## WORK TO BE COMPLETED
Could you restate all of the records below exactly, with the pictures left out?

▶

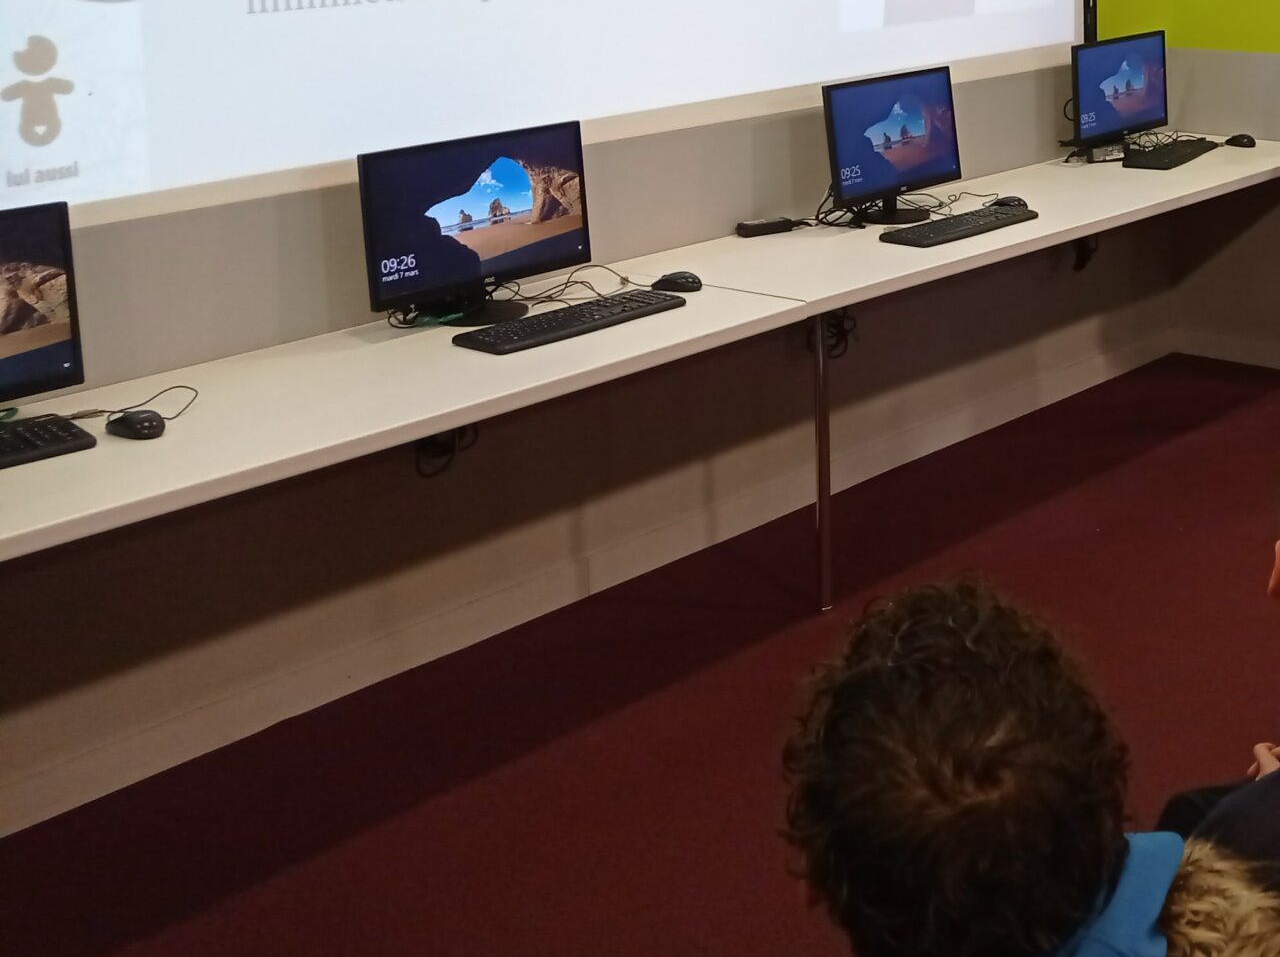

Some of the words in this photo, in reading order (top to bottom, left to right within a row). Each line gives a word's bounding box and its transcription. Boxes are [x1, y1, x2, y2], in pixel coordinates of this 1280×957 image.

[6, 168, 31, 188] lui
[34, 160, 80, 184] aussi
[381, 254, 417, 273] 09:26
[382, 273, 400, 282] mardi
[404, 269, 420, 277] mars

◀

## EXERCISE ANSWER
Some of the words in this photo, in reading order (top to bottom, left to right within a row). Each line gives a word's bounding box and its transcription. Boxes are [x1, y1, x2, y2], in pixel coordinates of this 1280×957 image.

[6, 168, 31, 188] lui
[34, 160, 80, 184] aussi
[381, 254, 417, 273] 09:26
[382, 273, 400, 282] mardi
[404, 269, 420, 277] mars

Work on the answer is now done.